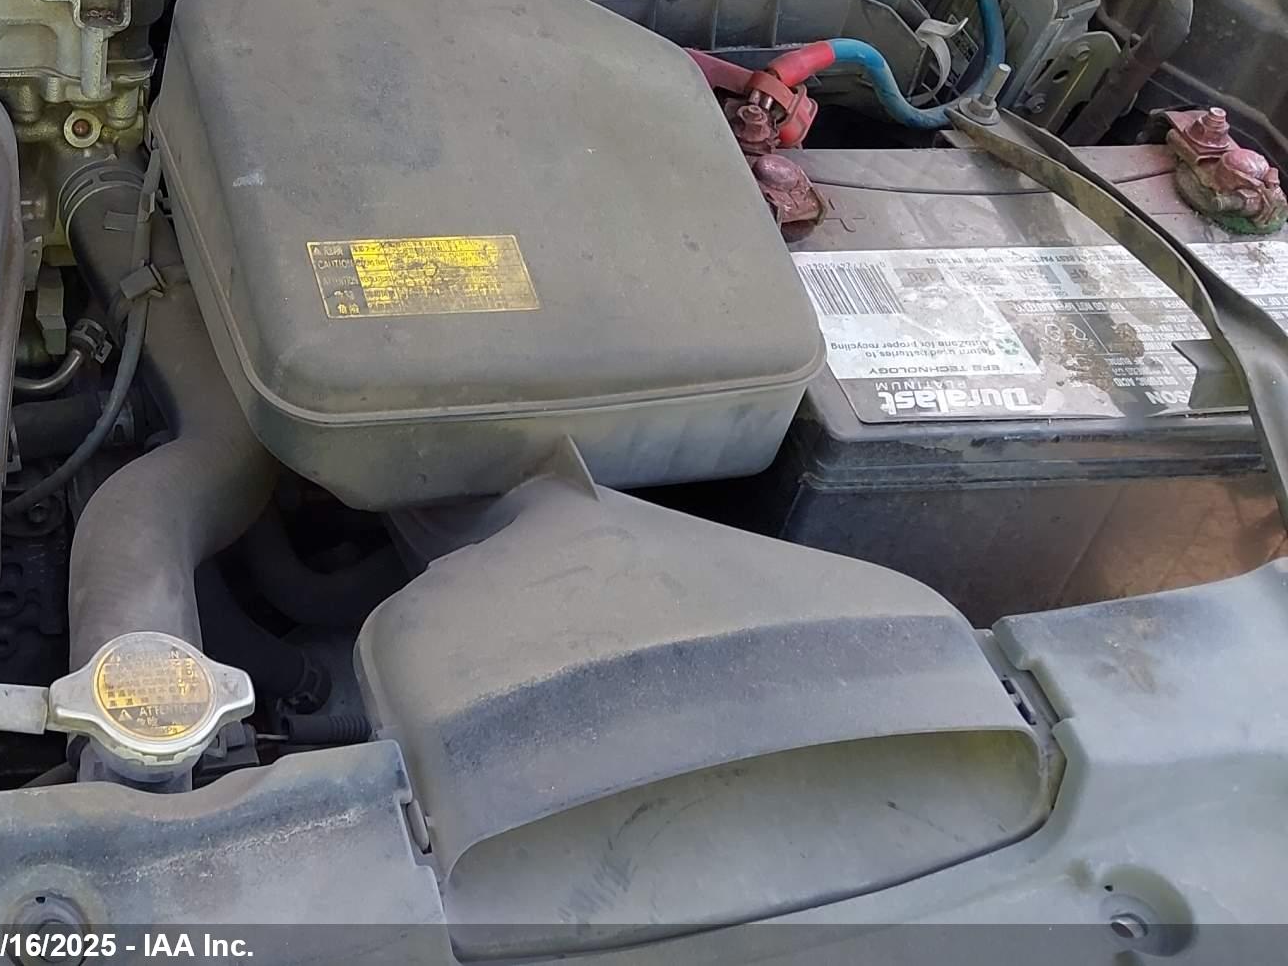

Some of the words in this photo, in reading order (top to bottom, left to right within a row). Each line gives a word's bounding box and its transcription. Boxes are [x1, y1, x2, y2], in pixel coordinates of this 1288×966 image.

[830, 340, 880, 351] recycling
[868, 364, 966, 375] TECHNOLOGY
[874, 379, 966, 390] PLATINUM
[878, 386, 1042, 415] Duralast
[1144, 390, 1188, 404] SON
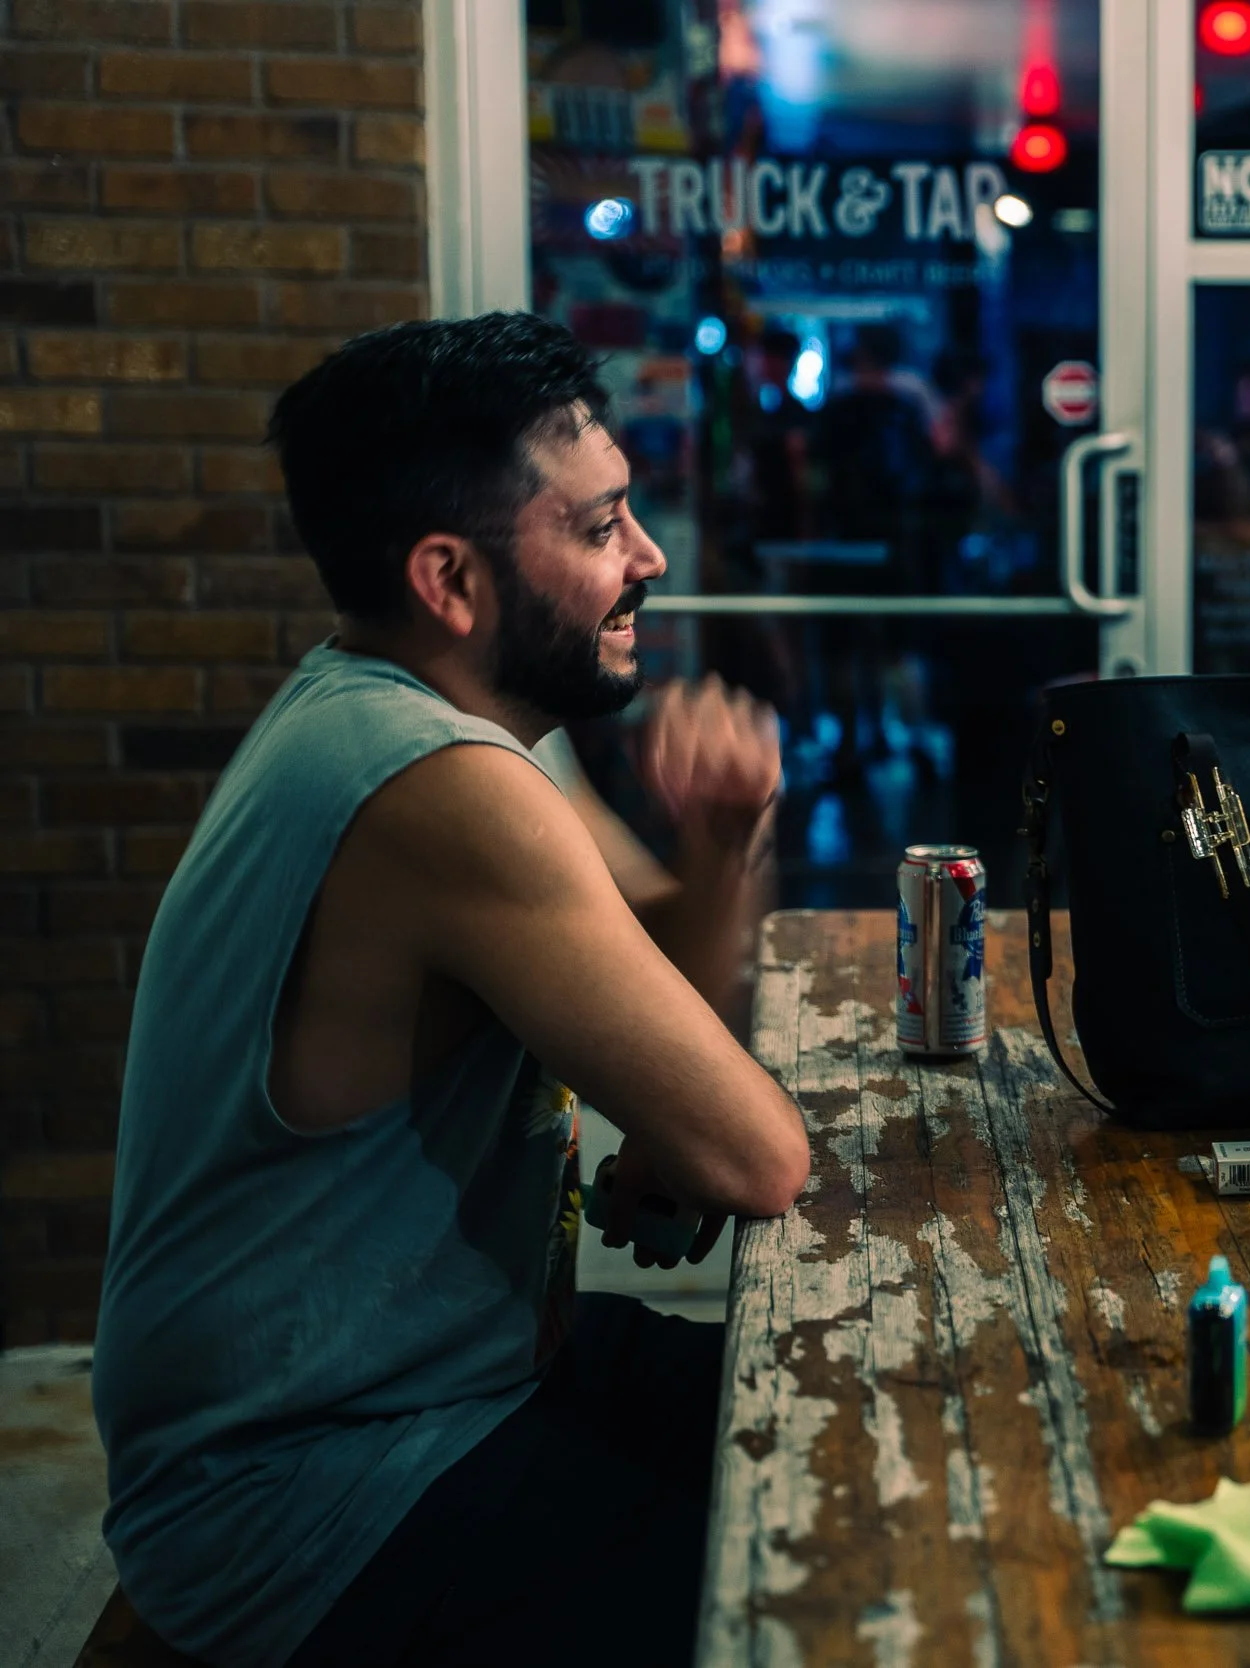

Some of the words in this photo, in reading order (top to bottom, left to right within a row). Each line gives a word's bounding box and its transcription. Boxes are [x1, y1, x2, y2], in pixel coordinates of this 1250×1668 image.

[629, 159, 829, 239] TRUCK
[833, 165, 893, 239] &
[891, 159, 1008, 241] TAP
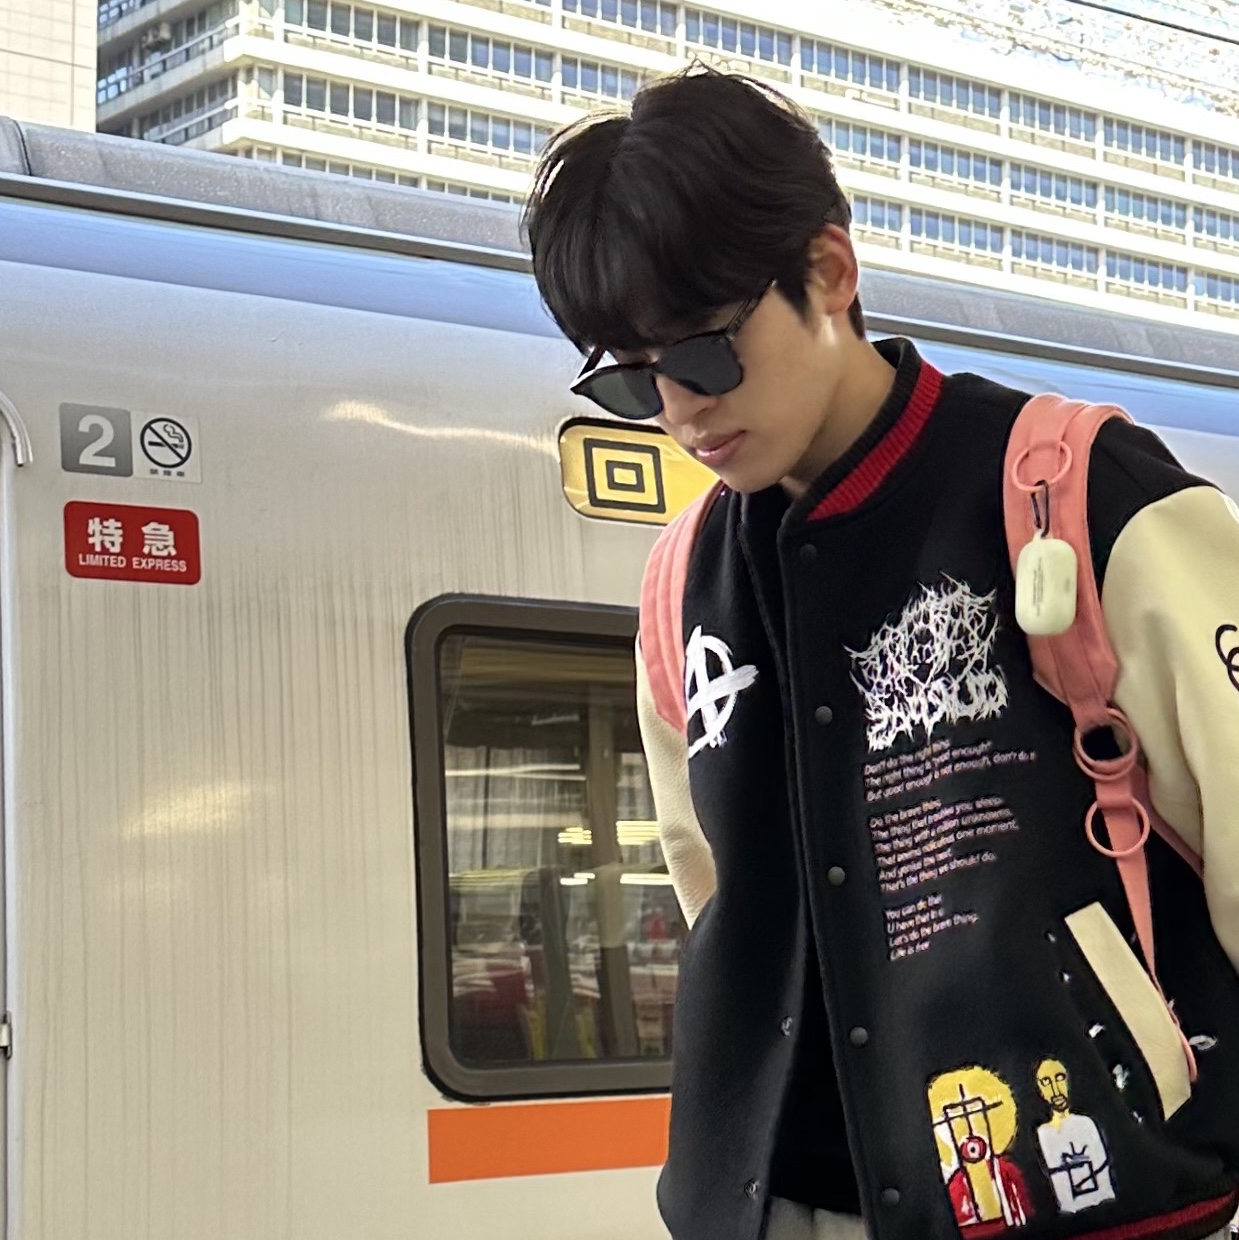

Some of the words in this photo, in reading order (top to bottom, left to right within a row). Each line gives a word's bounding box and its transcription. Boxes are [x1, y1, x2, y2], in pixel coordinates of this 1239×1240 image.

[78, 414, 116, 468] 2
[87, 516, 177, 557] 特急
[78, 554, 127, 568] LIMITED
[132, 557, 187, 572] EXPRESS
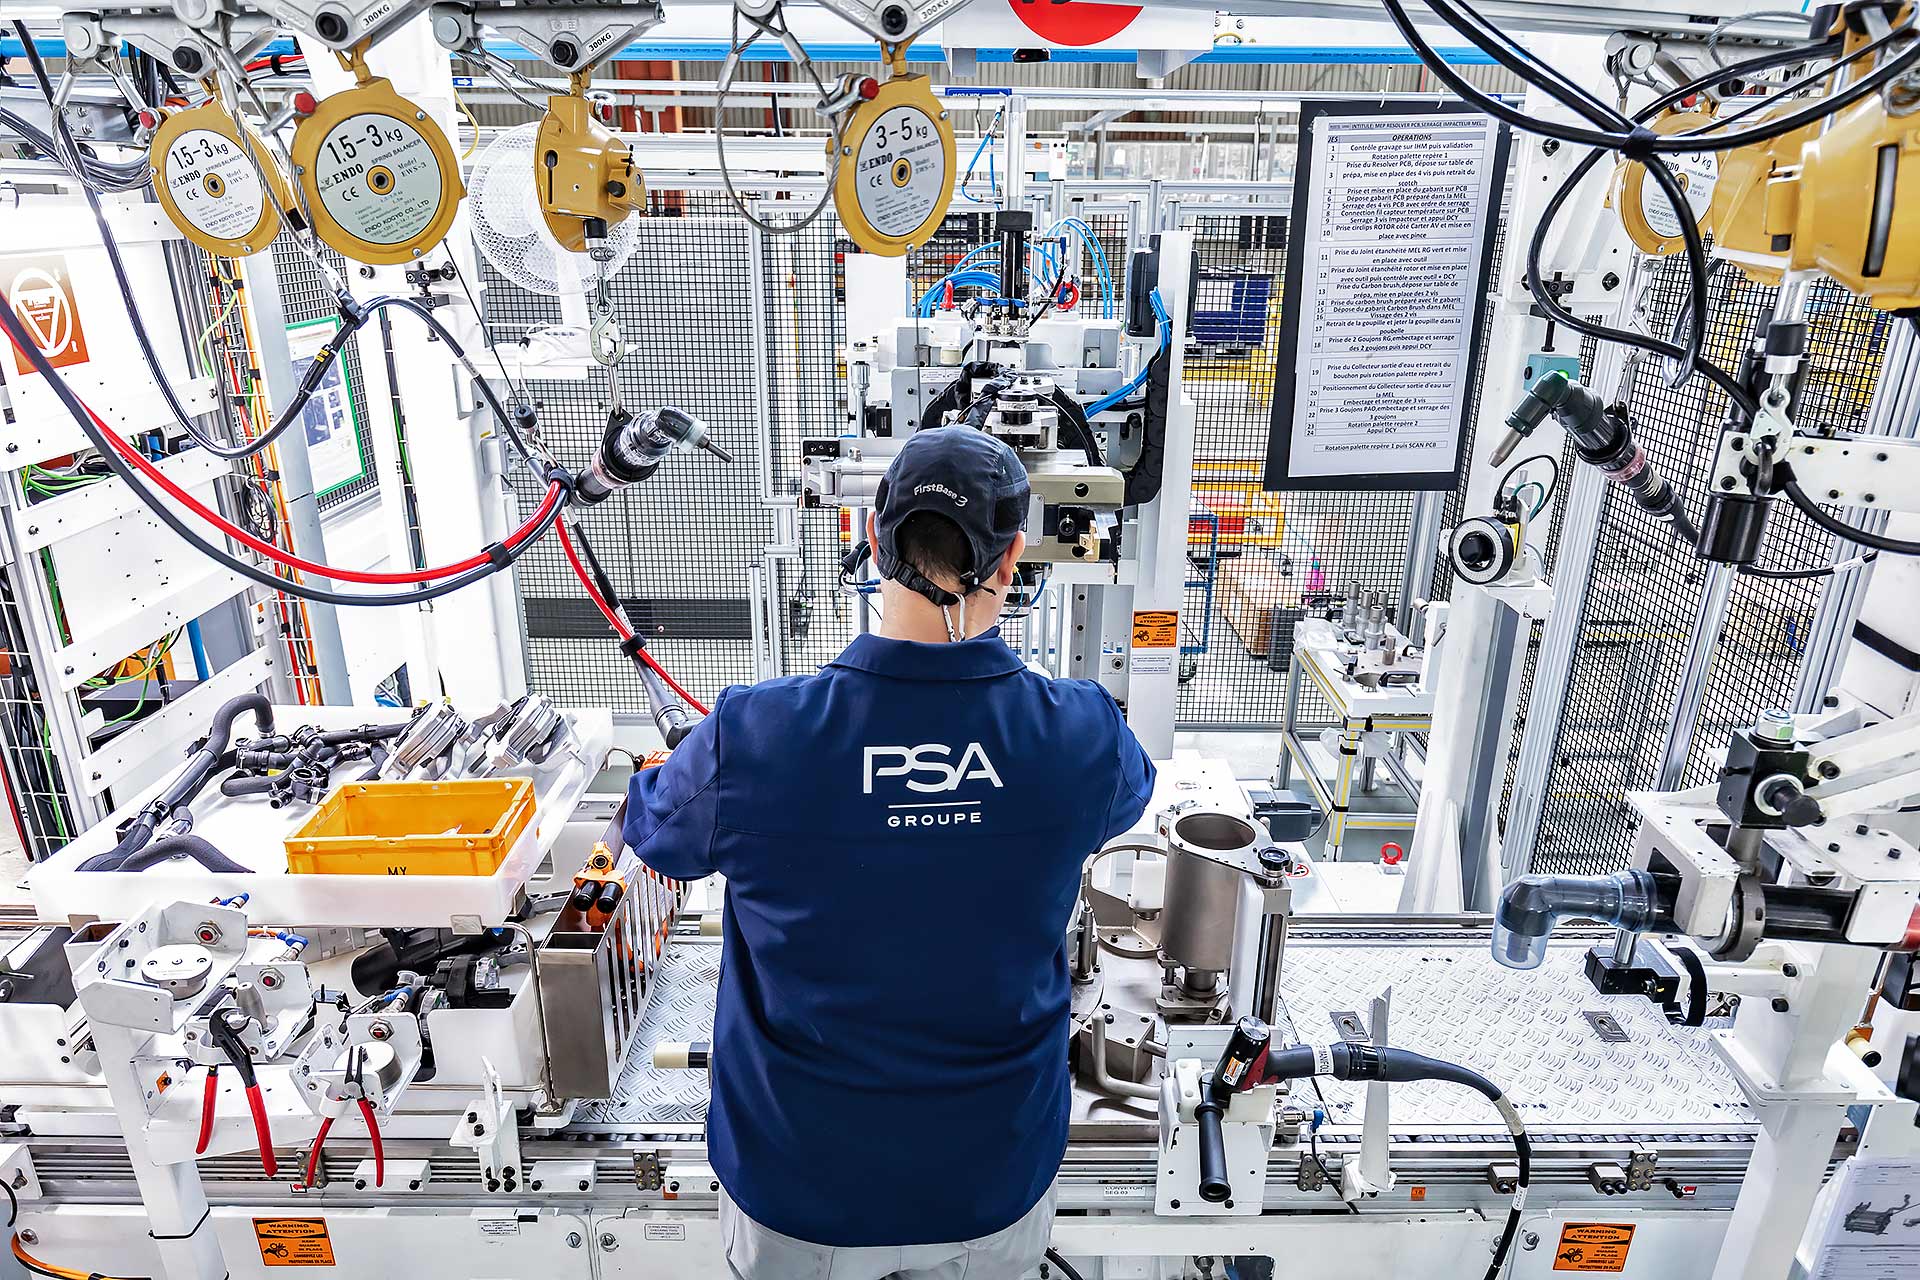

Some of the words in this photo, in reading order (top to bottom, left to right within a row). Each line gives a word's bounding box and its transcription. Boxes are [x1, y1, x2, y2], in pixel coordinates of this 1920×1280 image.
━━━━━━
TASK DETAILS> Only the lines from the one with "this 1250×1668 image." through the end of the listing should be transcribed, exactly and without pictures.

WRITTEN SOLUTION>
Some of the words in this photo, in reading order (top to bottom, left to right within a row). Each line gives a word's bounding box and its transcription. Boxes are [x1, y1, x2, y2], in pixel coordinates of this 1250×1668 image.

[629, 159, 829, 239] TRUCK
[833, 165, 893, 239] &
[891, 159, 1008, 241] TAP

Some of the words in this photo, in reading order (top to bottom, left to right within a row). Each line gives a word's bounding box and its transcription. Boxes are [x1, y1, x2, y2], in pixel coordinates of this 1239×1240 image.

[78, 414, 116, 468] 2
[87, 516, 177, 557] 特急
[78, 554, 127, 568] LIMITED
[132, 557, 187, 572] EXPRESS

Some of the words in this photo, in reading order (top to bottom, left to right within a row). Each line gives a word's bounding box and its transcription. Boxes are [x1, y1, x2, y2], in pixel coordinates of this 1920×1280 image.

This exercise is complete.